Am Sonntag beginnt der Ramadan. Nach Frankfurt am Main und Köln wird es nun auch in München eine Beleuchtung anlässlich des muslimischen Fastenmonats geben. Doch nicht so raumgreifend, denn München wahrt ein paar säkulare Prinzipien.
Im vergangenen Jahr berichtete der hpd bereits über die Ramadan-Beleuchtung in zwei deutschen Großstädten. In diesem Jahr kommt München dazu. Jedoch soll nur am Zuckerfest am Ende des Ramadans drei Stunden lang eine Illumination ("Frohes Fest") am Alten Rathaus zu sehen sein.

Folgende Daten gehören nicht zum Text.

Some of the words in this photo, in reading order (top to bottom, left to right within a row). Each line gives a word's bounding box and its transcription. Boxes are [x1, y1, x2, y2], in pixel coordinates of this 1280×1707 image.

Die Süddeutsche Zeitung (SZ) kritisiert, dass man in der Münchner Öffentlichkeit nicht mehr vom Ramadan mitbekommt, schließlich lebten in der bayerischen Landeshauptstadt zwischen 60.000 und 120.000 Muslime. Eine recht ungenaue Zahl mit einem Schwankungsgrad von 50 Prozent. Sie ist deshalb so vage, weil gläubige Muslime nicht so organisiert sind wie es bei katholischer und evangelischer Kirche der Fall ist, sondern in verschiedenen Moscheeverbänden, von denen nur die wenigsten als Körperschaft des öffentlichen Rechts offiziell als Religionsgemeinschaft anerkannt sind. Und die meisten Menschen, die man dem Islam zurechnet, gehören gar keinem solchen Verband an, ihnen wird die Zugehörigkeit zum muslimischen Glauben aufgrund ihrer Migrationsgeschichte einfach unterstellt. Dass es auch säkulare Muslime oder Ex-Muslime gibt, die kein Interesse am öffentlichen Zurschaustellen religiöser Feste haben, zieht man gar nicht in Betracht. Nein, man weist ihnen eine kollektive islamische Identität zu.

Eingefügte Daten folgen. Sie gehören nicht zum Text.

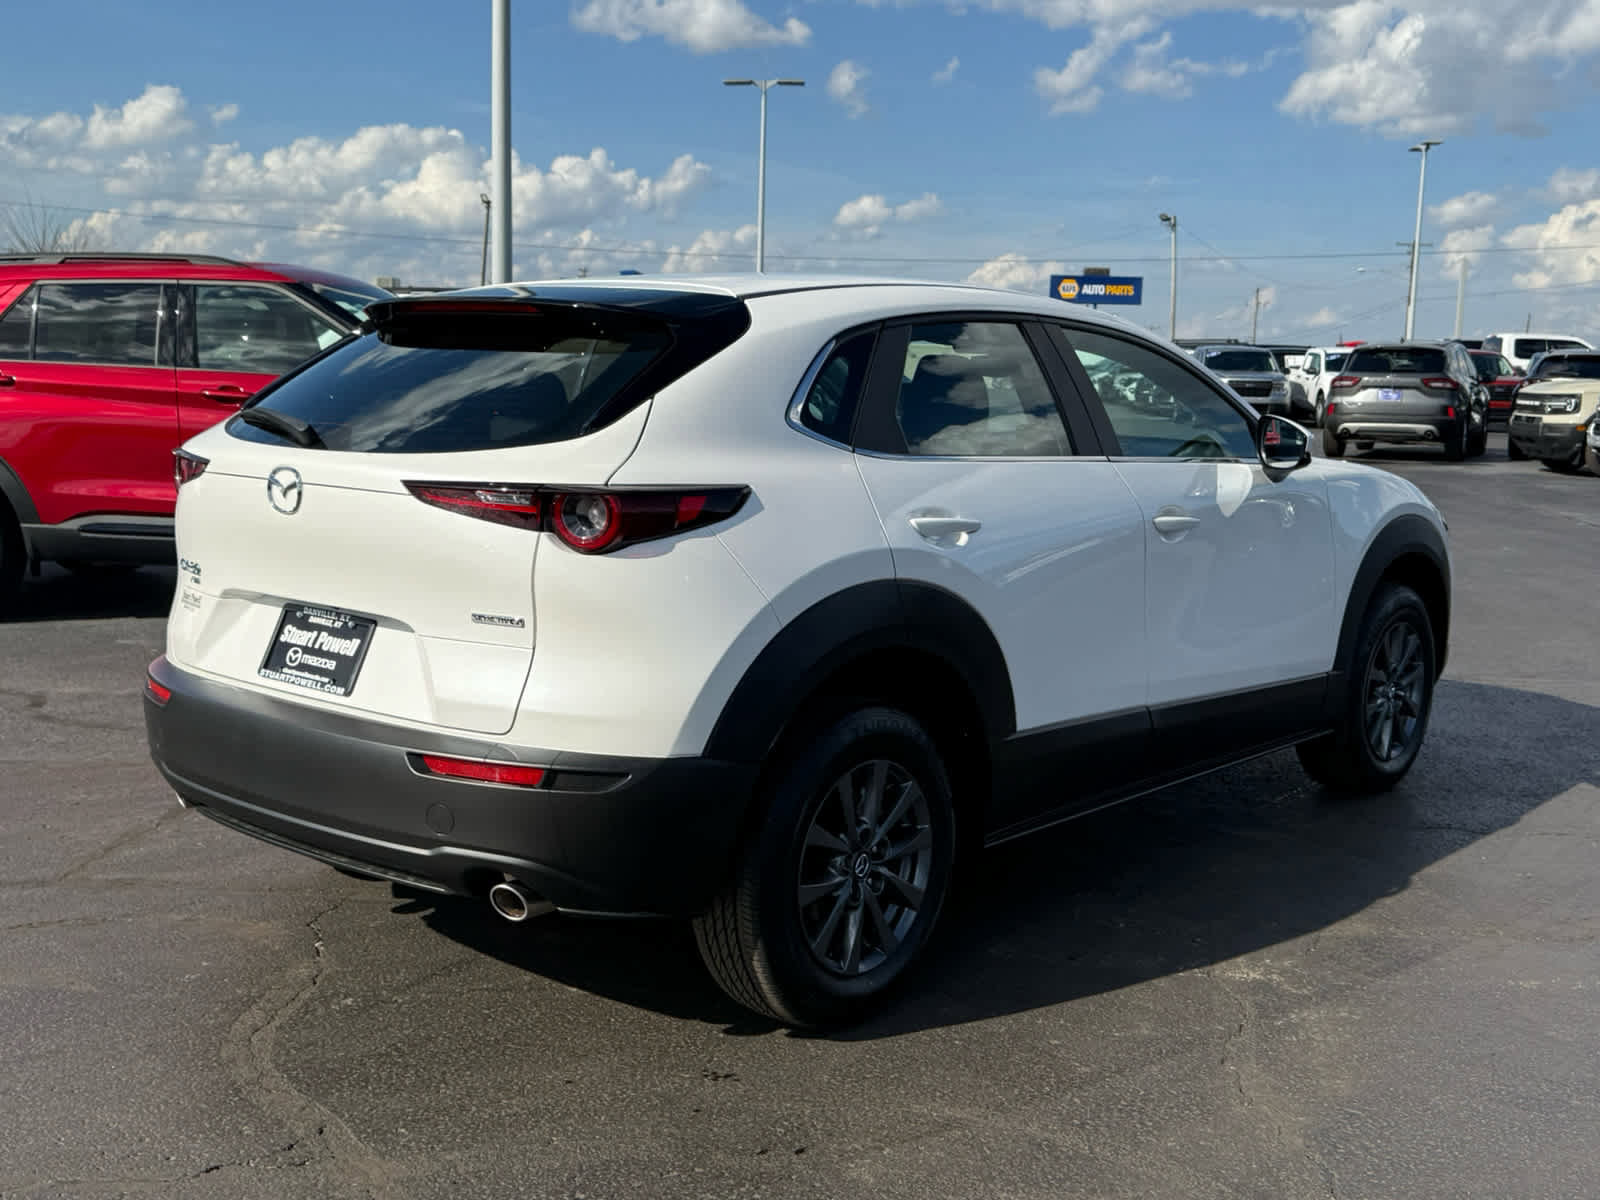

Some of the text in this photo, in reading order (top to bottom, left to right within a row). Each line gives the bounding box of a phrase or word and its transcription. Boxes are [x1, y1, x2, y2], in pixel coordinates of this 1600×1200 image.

[1081, 284, 1105, 295] AUTO
[1105, 285, 1134, 296] PARTS
[280, 623, 361, 657] Stuart Powell
[301, 654, 337, 671] mazda
[260, 668, 345, 695] STUARTPOWELL.COM

Laut SZ will man die "'Normalisierung von islamischen Feiertagen'" voranbringen und "antimuslimischem Rassismus"1 entgegenwirken. Das ist sicherlich gut gemeint, die Frage ist, ob man nicht das genaue Gegenteil damit bewirkt. Durch das offensive Sichtbarmachen von islamischem Brauchtum könnten auch weitere Abwehrreaktionen provoziert werden. Deutschland ist ein säkulares Land, 46 Prozent der Bevölkerung gehören keiner Religionsgemeinschaft an. Die meisten sind religiös desinteressiert und begehen Feste wie das durch das Christentum annektierte Weihnachten als religionsfreie Familienfeiern. Tut man der Integration mit der Maßnahme der Ramadan-Beleuchtung einen Gefallen oder einen Bärendienst? Werden AfD-Anhänger, die der Partei am letzten Sonntag über 20 Prozent der Wählerstimmen bescherten, sich durch diese Maßnahme nicht eher bestätigt fühlen? Ist es der richtige Weg, diesen Ressentiments mit mehr Islampräsenz zu begegnen? Oder wäre nicht eher der Säkularismus die Lösung? Also eine weltanschauliche Neutralität staatlicher Stellen in einer zunehmend pluralen, aber vor allem auch konfessionsfreien Gesellschaft?
Doch säkulare Stimmen kommen im SZ-Beitrag nicht vor, stattdessen wird bedauert, dass die Stadt München kein offizielles Fastenbrechen ausrichtet, sondern "die 'religiös-weltanschauliche Neutralität' wahren und keine Begehrlichkeiten anderer Religionsgruppen wecken wolle" und die Stadt selbst ihre Immobilien nur für kulturelle und nicht für religiöse Zwecke zur Verfügung stelle. Doch das ist genau das richtige Signal einer liberalen, weltoffenen Stadt, die das Gebot der Trennung von Staat und Religion ernst nimmt. Es wurde ein Kompromiss gefunden, der nicht als "'Light-Version'" zu beklagen ist.

1 Der hpd nutzt diesen Begriff selbst nicht, da eine Religionszugehörigkeit kein unveränderliches Merkmal eines Menschen wie etwa die Hautfarbe darstellt. Daher ist die Bezeichnung unpassend und verharmlost echten Rassismus. Besser geeignet ist aus Sicht des hpd der Begriff "Muslimfeindlichkeit".